Announcing the proposal at the DSEi exhibition in London on 8 September, the company said its proposed military variants could carry between 80 and 109 passengers, or a cargo of between 11t and 12.5t in freighter configuration.
Dubbed the 146M, the type could be equipped with glass cockpit avionics, additional fuel tanks, steep approach and unpaved runway operating capability, plus defensive aids equipment, says BAE. However, the development would not include the addition of a rear cargo ramp.
© BAE Systems
“The 146M could serve as a complementary utility to support hard-stretched tactical assets, and support such fleets in a very effective manner,” says Andy Whelan, sales director for BAE Systems’ Asset Management business unit.
In addition to supplementing transports such as legacy Lockheed Martin C-130s amid delays to Europe’s replacement Airbus Military A400M, BAE believes that the 146M could also be used for tasks such as medical evacuation, paradrop, surveillance, or even in-flight refuelling.
© BAE Systems
Describing the 146 as “robust, rugged and reliable,” Whelan says: “We have the ability to supply and support the aircraft with the longevity that would justify the acquisition.”
BAE says an undisclosed number of Asset Management’s portfolio of 47 BAe 146s “are due back off lease from European airline customers over the next few years”. The -200 and -300-series aircraft were manufactured around 1990, and have around half of their service lives still ahead of them, it adds.
“Delivery timescales are very short, so the aircraft can be put into service relatively quickly to meet current airlift shortfalls,” says BAE, which cites an indicative price of around $2.5 million for a passenger version and around $5 million for a freighter.
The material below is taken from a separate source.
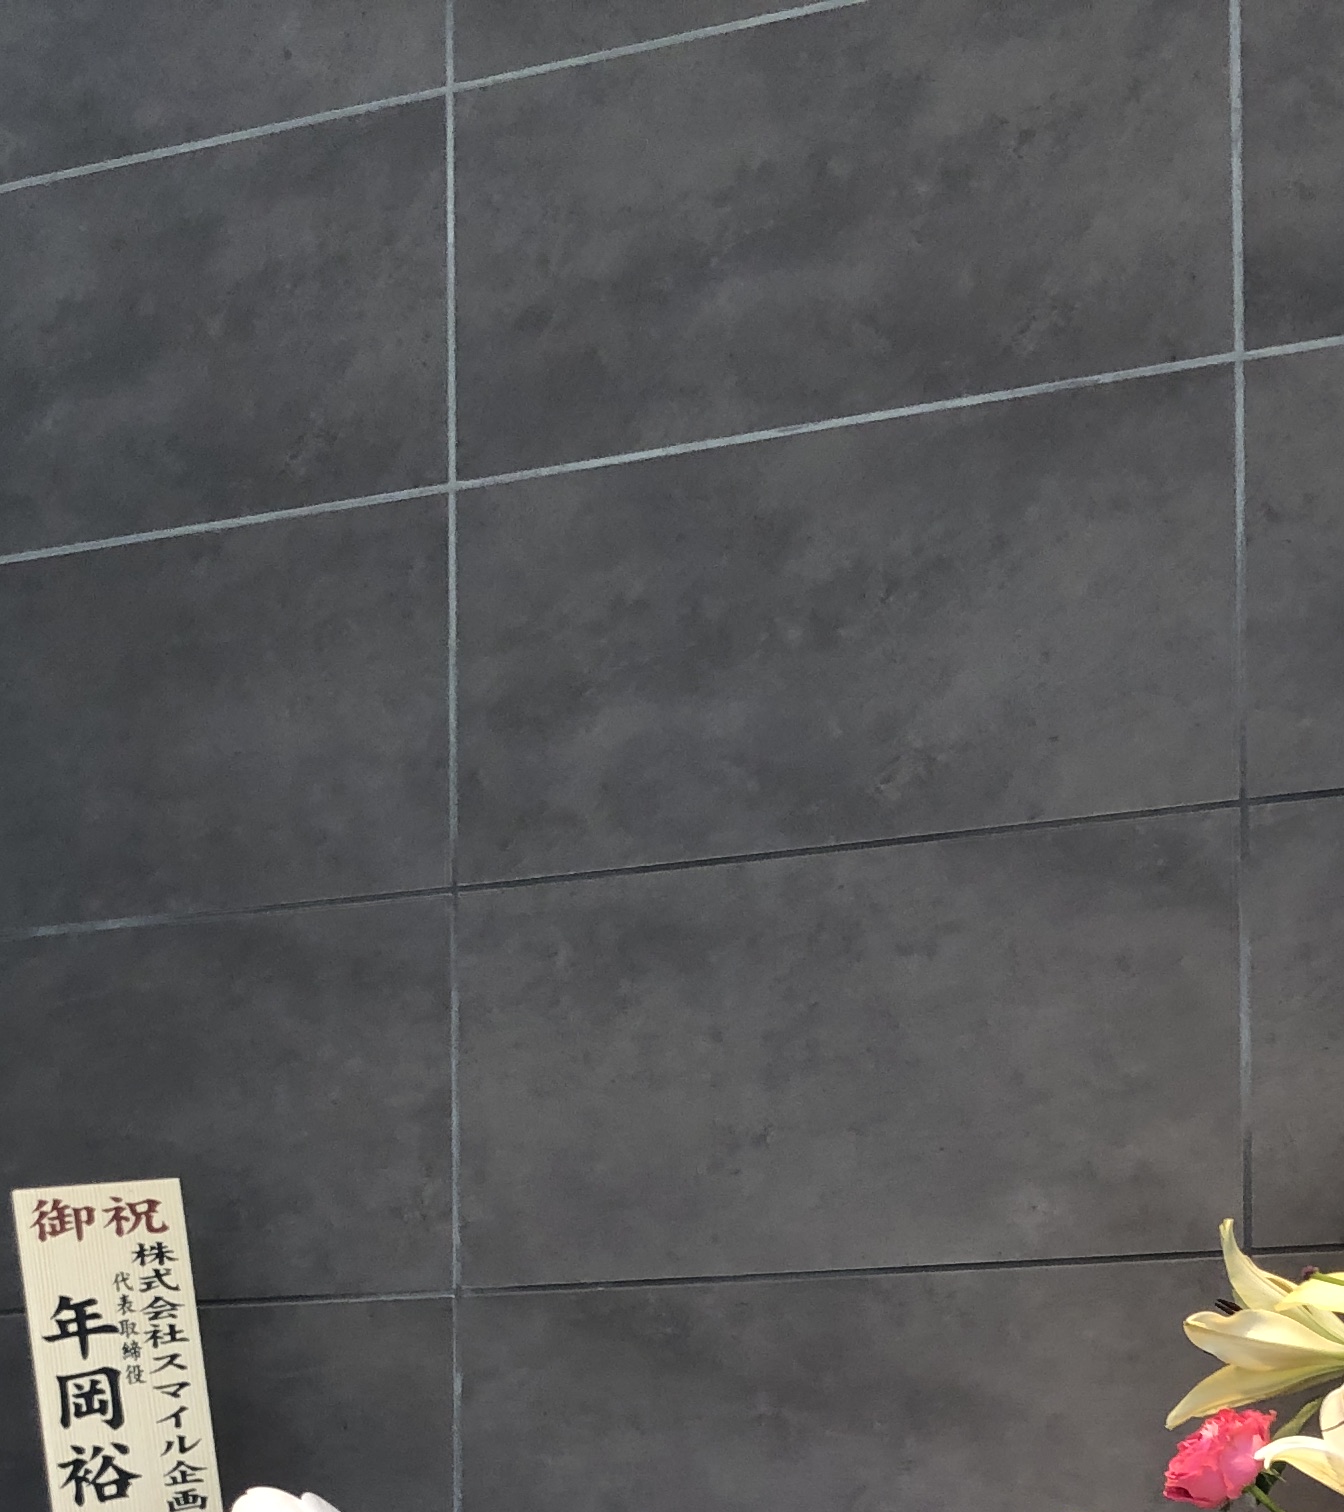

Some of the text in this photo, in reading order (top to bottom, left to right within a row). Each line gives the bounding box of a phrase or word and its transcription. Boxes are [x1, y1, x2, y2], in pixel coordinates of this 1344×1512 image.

[30, 1196, 171, 1243] 御祝
[112, 1270, 148, 1385] 代表取締役
The company has yet to approach any of the partners involved in the A400M programme with a proposal based on the 146M, but Whelan says “nations may have an interest”.
This is not the first time that the 146 has been offered for potential military service, with British Aerospace having first touted the idea more than 20 years ago. However, BAE officials believe that the low purchase price now being offered means that “the financials stack up”.